How long does it take to cook frozen orange chicken in an air fryer?
It takes about 12 minutes to cook frozen orange chicken in the air fryer.
Can you put raw chicken in an air fryer?
Yes, you can cook raw chicken in the air fryer. Make sure you cook the chicken to a temperature of 165 °F, and the chicken will be perfectly delicious.
Can diabetics eat orange chicken?
Orange chicken contains a lot of sugar which can raise blood sugar. Therefore, diabetics cannot eat orange chicken. However, since this orange chicken is made with sugar-free sweetener and maple syrup, diabetics can eat it.
How many calories are in air fryer fried chicken?
This air fryer orange chicken has 231 calories.
Can I use frozen chicken for this recipe?
Yes, but thaw it first to ensure even cooking and crispiness in the air fryer.

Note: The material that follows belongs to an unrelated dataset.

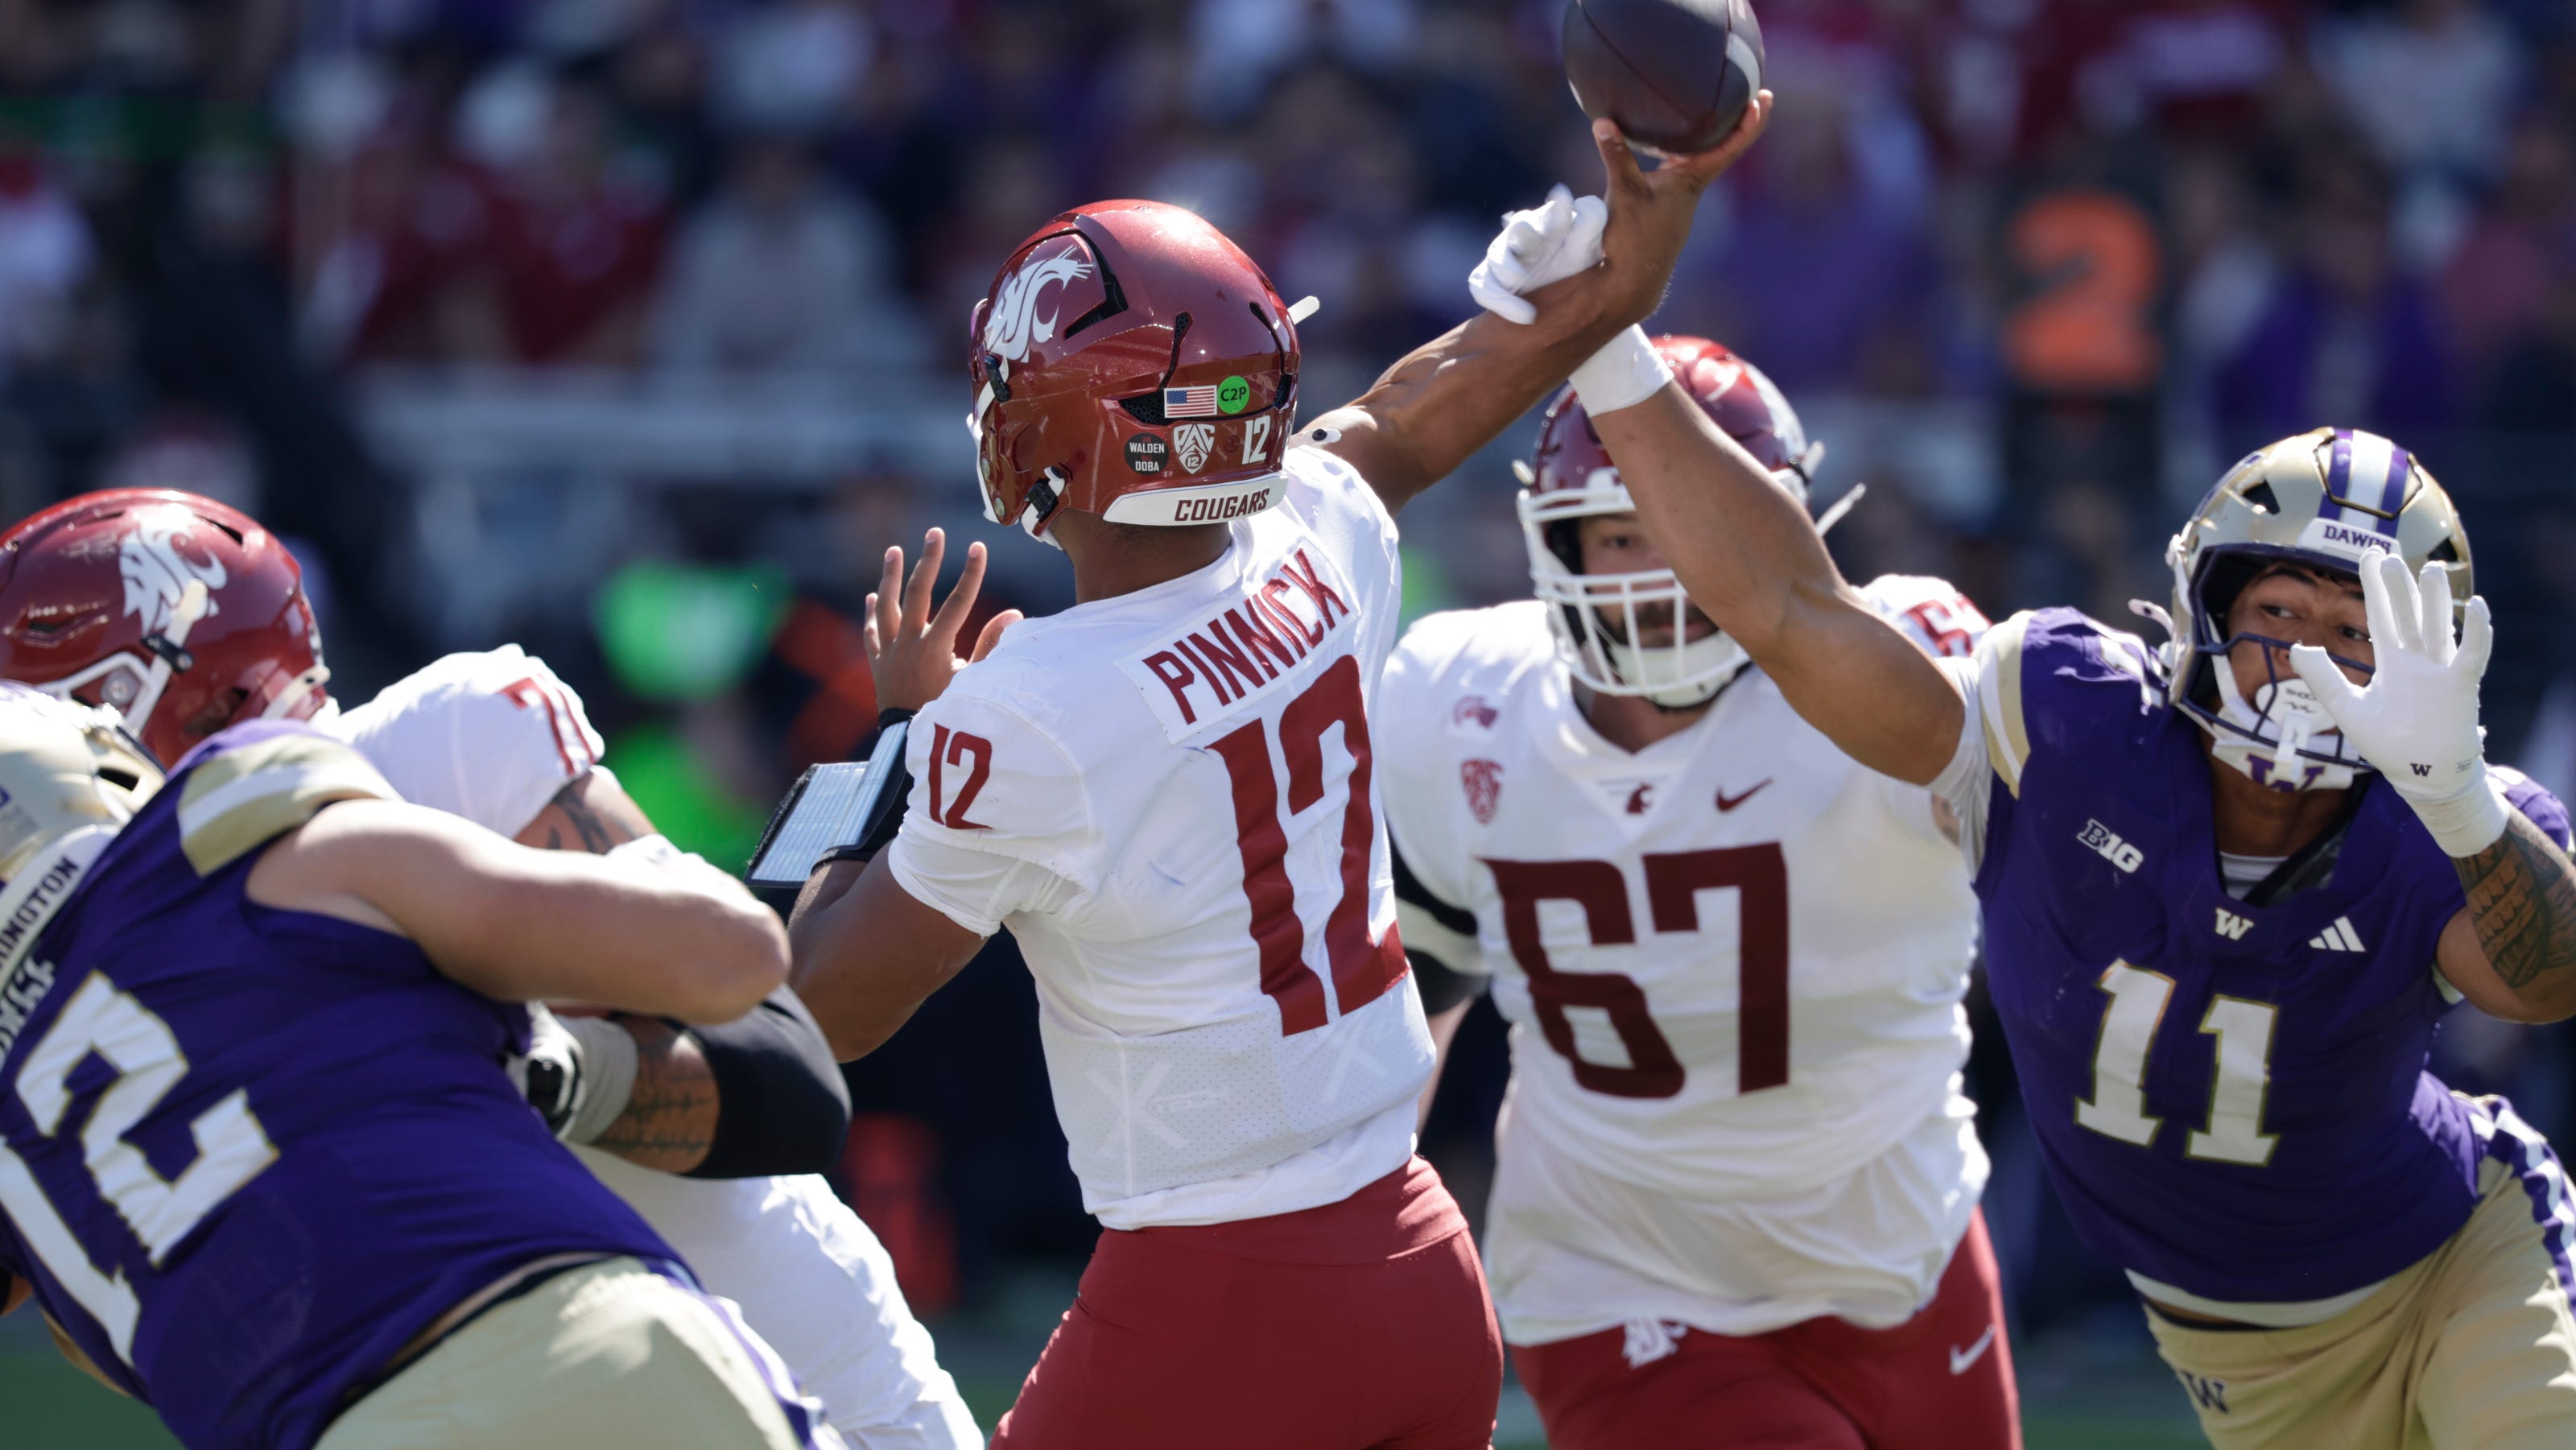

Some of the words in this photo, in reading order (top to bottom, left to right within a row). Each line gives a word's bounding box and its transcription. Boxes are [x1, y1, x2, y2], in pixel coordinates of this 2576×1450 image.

What can I use instead of cornstarch?
Arrowroot powder or tapioca starch are great alternatives for a similar crispy texture.
How to make air fryer Orange Chicken
Start by seasoning the chicken breast with salt, black pepper, garlic powder, and onion powder before coating it in cornstarch. Preheat the air fryer and cook the chicken in batches at 400°F for about 8–10 minutes, flipping halfway for even crispiness.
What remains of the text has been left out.